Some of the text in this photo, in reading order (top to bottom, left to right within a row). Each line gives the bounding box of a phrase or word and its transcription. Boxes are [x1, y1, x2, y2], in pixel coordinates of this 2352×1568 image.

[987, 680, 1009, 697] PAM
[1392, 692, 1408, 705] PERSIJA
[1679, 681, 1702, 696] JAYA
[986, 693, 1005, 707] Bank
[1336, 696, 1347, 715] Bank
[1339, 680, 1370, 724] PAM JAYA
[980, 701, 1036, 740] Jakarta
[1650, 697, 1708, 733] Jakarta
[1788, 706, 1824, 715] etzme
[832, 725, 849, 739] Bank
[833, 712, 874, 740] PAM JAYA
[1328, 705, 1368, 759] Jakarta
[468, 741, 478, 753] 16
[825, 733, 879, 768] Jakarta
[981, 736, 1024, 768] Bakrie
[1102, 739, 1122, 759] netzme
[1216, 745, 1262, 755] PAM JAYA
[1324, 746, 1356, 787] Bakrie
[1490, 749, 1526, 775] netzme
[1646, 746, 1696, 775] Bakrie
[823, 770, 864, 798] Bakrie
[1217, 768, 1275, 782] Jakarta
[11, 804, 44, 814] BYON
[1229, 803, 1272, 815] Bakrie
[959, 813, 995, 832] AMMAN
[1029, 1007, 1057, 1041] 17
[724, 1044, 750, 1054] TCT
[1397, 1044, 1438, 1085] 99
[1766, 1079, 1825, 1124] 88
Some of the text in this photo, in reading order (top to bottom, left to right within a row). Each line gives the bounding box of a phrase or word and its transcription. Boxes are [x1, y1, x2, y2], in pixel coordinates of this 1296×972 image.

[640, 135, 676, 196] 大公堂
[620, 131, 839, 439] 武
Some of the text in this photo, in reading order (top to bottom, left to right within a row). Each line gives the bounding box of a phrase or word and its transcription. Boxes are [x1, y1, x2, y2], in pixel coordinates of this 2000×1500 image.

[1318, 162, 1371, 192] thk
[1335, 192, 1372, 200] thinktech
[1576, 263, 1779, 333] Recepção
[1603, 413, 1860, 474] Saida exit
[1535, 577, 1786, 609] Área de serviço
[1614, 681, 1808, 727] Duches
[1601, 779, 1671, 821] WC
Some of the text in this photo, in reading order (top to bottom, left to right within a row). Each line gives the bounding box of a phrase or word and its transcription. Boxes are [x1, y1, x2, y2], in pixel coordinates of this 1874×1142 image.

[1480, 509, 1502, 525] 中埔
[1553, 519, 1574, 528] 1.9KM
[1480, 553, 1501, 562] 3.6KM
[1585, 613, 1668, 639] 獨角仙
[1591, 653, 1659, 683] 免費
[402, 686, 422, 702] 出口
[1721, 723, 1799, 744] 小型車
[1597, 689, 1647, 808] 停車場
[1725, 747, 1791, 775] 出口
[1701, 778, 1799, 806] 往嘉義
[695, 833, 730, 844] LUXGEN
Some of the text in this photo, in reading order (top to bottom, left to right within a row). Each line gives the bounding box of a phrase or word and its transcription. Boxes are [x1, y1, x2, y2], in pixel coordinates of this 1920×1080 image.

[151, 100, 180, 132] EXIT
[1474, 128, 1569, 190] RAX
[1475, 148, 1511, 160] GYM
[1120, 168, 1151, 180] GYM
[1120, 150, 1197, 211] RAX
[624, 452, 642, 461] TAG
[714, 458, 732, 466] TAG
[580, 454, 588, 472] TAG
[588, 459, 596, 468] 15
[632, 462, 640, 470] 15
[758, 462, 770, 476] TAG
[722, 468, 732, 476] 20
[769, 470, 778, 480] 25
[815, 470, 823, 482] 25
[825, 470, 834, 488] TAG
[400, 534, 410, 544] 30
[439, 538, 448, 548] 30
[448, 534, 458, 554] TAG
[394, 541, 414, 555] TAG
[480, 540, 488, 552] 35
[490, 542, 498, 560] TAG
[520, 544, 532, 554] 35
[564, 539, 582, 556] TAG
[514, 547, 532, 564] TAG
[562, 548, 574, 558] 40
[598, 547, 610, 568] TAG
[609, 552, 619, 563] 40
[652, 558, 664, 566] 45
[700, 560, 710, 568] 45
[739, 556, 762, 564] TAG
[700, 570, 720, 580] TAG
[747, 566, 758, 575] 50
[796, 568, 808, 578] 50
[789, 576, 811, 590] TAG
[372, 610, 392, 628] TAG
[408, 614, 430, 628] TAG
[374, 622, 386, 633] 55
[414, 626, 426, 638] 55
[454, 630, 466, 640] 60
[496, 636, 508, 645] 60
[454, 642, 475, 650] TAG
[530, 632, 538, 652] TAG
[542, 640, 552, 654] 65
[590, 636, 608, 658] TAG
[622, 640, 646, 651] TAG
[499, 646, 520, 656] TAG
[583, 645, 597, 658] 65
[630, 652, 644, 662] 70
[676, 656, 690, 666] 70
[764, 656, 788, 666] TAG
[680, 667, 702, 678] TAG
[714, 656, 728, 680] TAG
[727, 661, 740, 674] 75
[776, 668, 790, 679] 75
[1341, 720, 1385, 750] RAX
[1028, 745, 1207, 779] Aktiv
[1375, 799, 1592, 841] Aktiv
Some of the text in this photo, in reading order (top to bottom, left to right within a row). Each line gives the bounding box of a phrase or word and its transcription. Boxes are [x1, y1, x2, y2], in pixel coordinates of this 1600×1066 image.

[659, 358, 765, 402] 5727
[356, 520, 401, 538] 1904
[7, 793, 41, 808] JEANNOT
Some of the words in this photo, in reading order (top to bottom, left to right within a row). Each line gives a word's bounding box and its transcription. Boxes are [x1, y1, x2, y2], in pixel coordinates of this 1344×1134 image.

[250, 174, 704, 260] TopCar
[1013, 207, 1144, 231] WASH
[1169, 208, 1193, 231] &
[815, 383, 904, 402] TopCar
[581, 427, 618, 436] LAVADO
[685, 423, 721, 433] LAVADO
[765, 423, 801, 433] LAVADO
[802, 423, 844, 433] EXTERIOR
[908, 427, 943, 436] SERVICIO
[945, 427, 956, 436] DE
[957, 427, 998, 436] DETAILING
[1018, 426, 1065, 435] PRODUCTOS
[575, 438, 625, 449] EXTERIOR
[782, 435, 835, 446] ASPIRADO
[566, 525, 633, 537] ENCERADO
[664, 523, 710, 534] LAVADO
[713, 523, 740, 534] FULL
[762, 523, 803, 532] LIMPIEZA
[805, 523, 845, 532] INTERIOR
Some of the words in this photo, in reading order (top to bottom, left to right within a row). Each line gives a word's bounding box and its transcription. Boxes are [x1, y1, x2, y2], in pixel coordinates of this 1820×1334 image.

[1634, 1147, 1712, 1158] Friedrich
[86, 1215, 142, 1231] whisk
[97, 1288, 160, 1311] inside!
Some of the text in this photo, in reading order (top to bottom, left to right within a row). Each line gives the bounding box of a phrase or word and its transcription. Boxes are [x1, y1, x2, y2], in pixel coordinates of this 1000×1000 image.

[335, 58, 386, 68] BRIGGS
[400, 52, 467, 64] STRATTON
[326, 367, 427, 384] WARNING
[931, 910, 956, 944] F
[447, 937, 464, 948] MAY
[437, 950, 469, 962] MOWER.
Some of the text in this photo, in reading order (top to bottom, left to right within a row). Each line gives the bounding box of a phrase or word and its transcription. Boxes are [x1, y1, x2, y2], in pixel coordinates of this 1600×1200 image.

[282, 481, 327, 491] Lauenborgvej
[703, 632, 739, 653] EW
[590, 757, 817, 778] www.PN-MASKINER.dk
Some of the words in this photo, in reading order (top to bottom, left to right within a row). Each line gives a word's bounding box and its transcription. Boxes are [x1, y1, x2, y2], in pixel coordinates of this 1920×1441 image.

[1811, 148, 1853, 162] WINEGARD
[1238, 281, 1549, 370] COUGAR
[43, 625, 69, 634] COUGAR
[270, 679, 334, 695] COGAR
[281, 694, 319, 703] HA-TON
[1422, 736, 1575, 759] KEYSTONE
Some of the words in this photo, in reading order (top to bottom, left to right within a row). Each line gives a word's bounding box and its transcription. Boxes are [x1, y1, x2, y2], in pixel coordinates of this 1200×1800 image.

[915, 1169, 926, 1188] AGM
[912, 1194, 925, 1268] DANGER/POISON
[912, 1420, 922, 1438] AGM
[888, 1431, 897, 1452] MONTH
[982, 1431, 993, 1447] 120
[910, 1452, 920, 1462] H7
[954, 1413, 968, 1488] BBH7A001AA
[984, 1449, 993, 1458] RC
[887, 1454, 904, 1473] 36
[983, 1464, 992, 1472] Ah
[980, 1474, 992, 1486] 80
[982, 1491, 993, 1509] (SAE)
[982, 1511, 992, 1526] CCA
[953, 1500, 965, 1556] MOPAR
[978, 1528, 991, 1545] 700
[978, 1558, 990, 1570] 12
* * * * * * * * *
### Exercise aim
Reproduce precisely the span of lines that begins at the line containing "this 1200×1800 image." and ends with the last line of the listing.

### Answer to this problem
Some of the words in this photo, in reading order (top to bottom, left to right within a row). Each line gives a word's bounding box and its transcription. Boxes are [x1, y1, x2, y2], in pixel coordinates of this 1200×1800 image.

[915, 1169, 926, 1188] AGM
[912, 1194, 925, 1268] DANGER/POISON
[912, 1420, 922, 1438] AGM
[888, 1431, 897, 1452] MONTH
[982, 1431, 993, 1447] 120
[910, 1452, 920, 1462] H7
[954, 1413, 968, 1488] BBH7A001AA
[984, 1449, 993, 1458] RC
[887, 1454, 904, 1473] 36
[983, 1464, 992, 1472] Ah
[980, 1474, 992, 1486] 80
[982, 1491, 993, 1509] (SAE)
[982, 1511, 992, 1526] CCA
[953, 1500, 965, 1556] MOPAR
[978, 1528, 991, 1545] 700
[978, 1558, 990, 1570] 12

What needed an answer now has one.